── Dataset extract

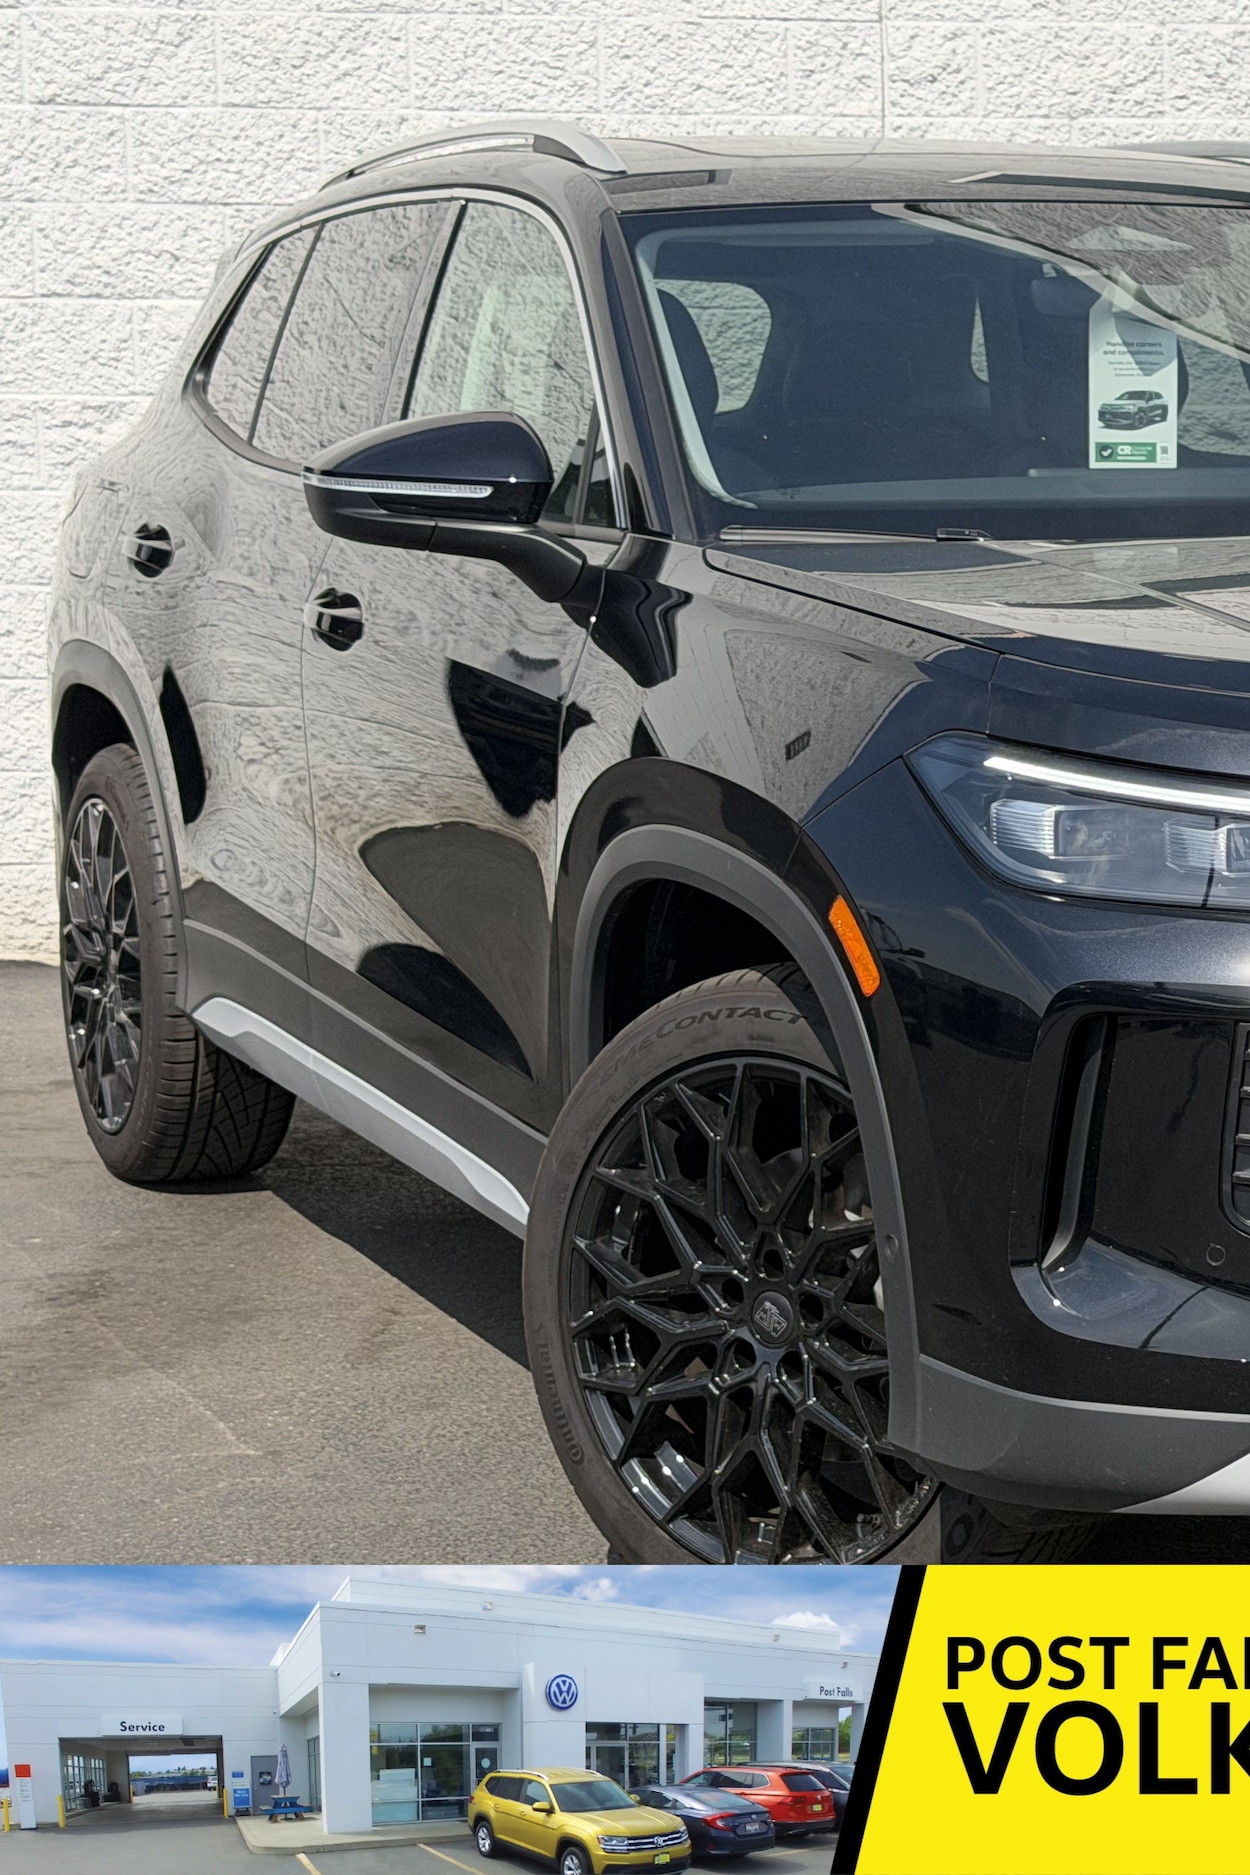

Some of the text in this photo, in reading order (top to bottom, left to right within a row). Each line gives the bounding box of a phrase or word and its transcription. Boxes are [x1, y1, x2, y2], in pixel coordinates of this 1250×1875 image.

[819, 1686, 853, 1697] Post Falls
[120, 1721, 165, 1732] Service
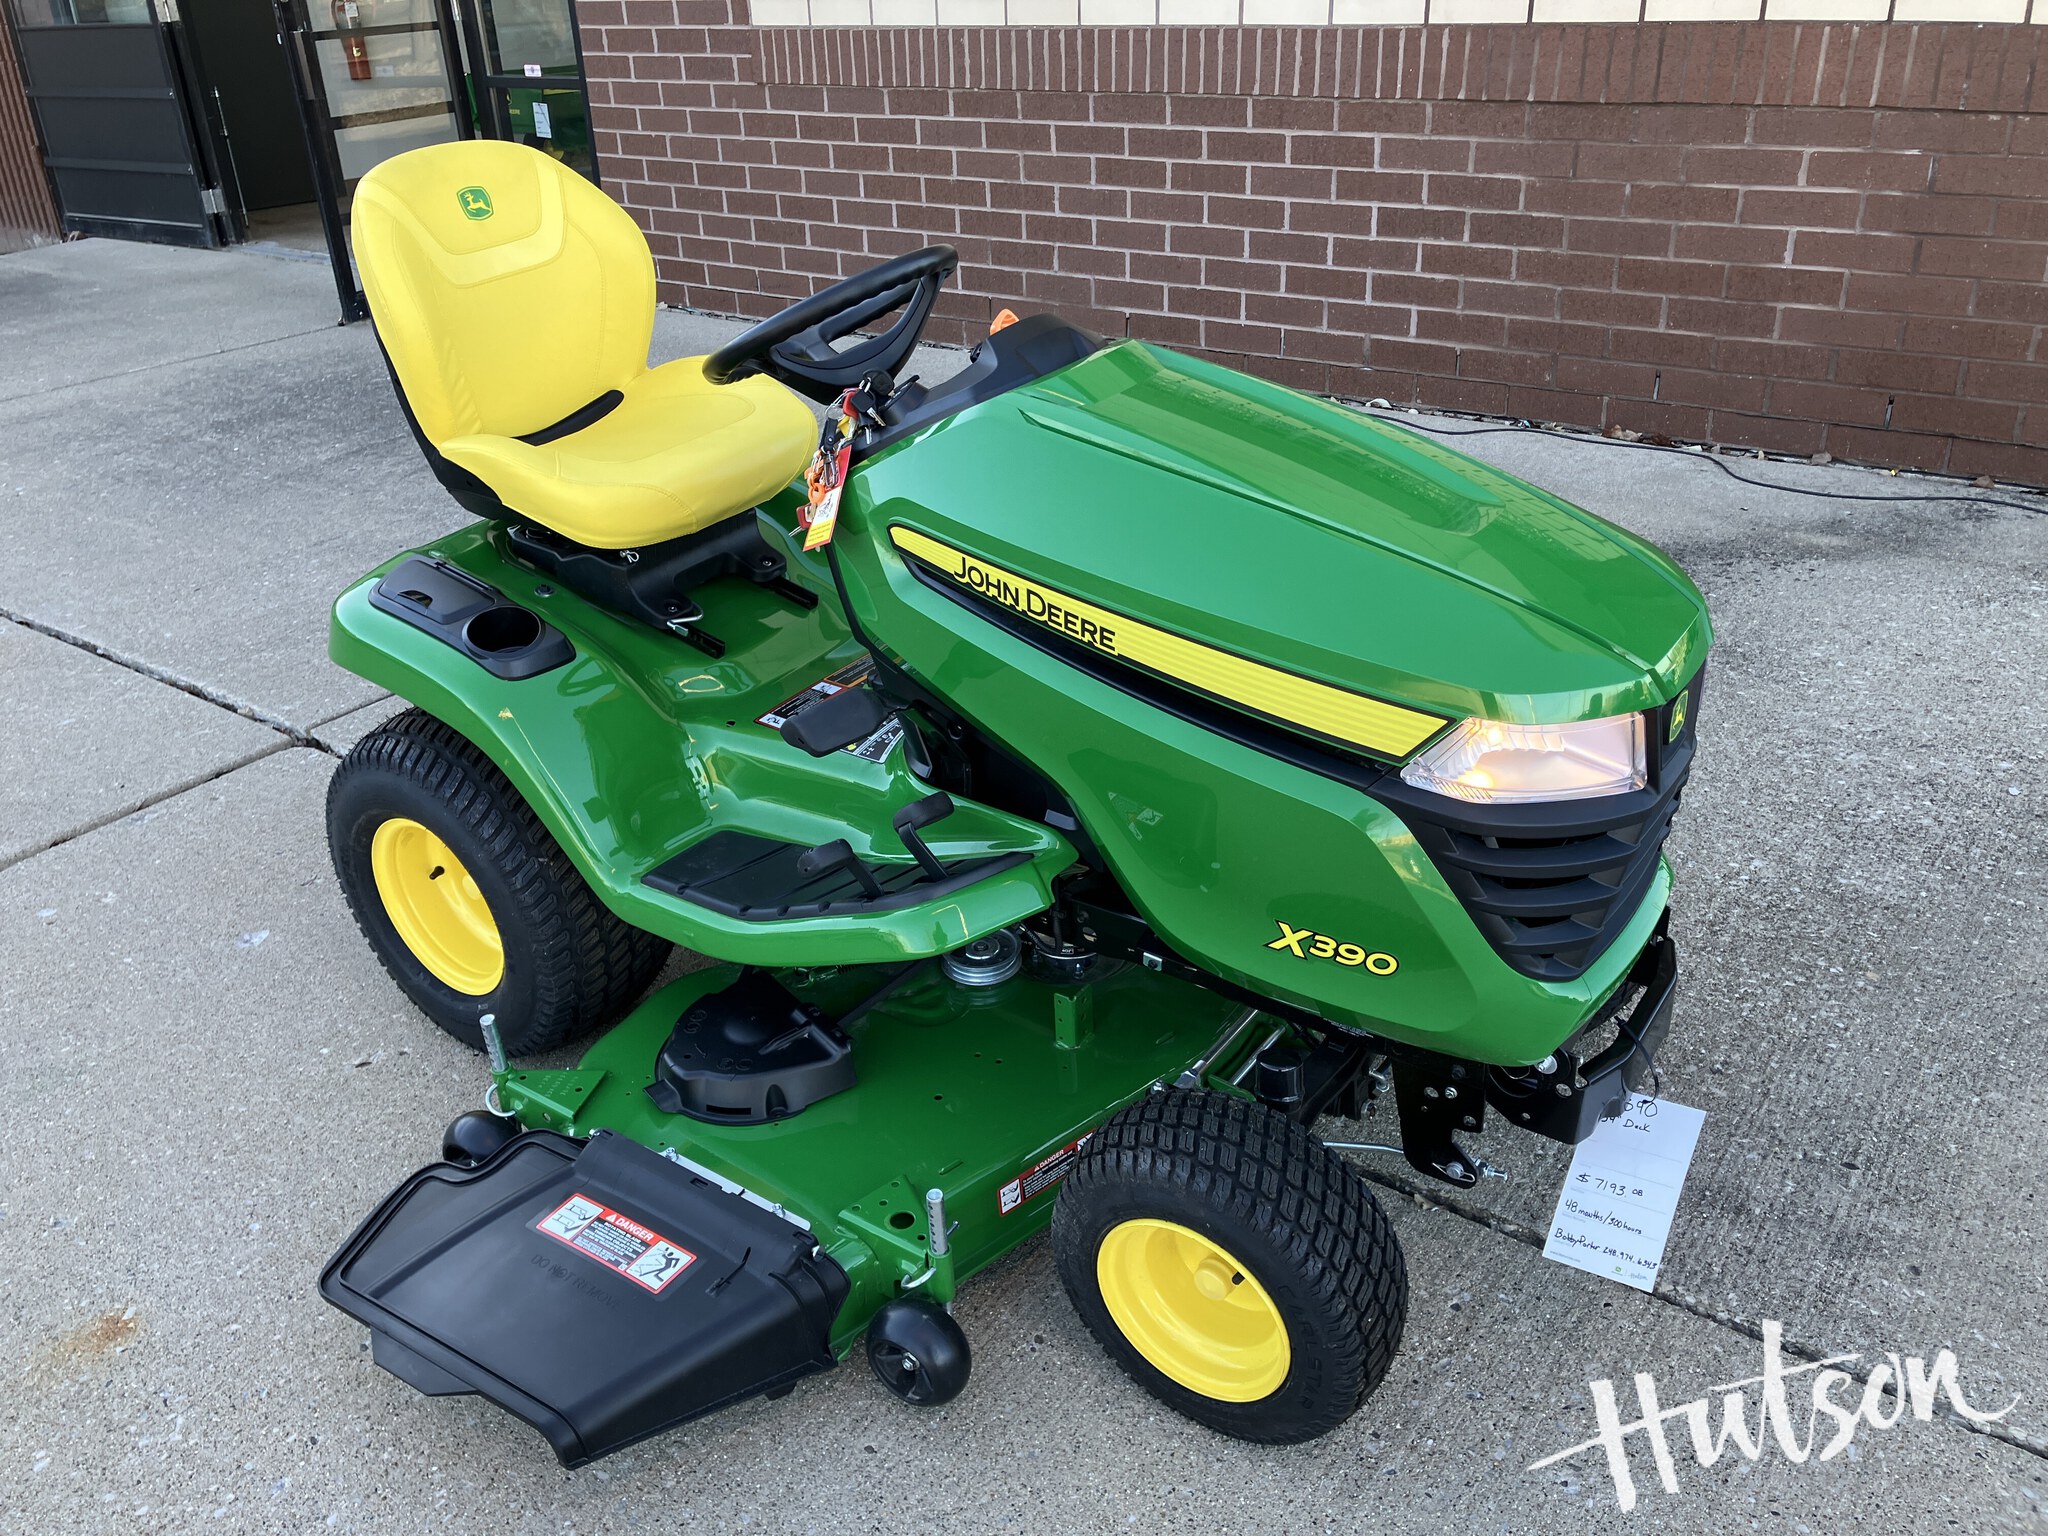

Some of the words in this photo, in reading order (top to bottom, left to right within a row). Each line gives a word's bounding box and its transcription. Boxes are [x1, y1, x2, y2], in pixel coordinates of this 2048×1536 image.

[954, 557, 1019, 607] JOHN
[1026, 588, 1116, 652] DEERE
[1264, 920, 1399, 976] X390
[1623, 1119, 1651, 1133] Deck
[1040, 1150, 1064, 1168] DANGER
[615, 1218, 654, 1242] DANGER

────

▶ Aim of the task
Begin with the line that contains "Some of the words" and end with the last line of the records; set down every line in that span exactly, and nothing else.

▶ Result of the exercise
Some of the words in this photo, in reading order (top to bottom, left to right within a row). Each line gives a word's bounding box and its transcription. Boxes are [x1, y1, x2, y2], in pixel coordinates of this 2048×1536 image.

[954, 557, 1019, 607] JOHN
[1026, 588, 1116, 652] DEERE
[1264, 920, 1399, 976] X390
[1623, 1119, 1651, 1133] Deck
[1040, 1150, 1064, 1168] DANGER
[615, 1218, 654, 1242] DANGER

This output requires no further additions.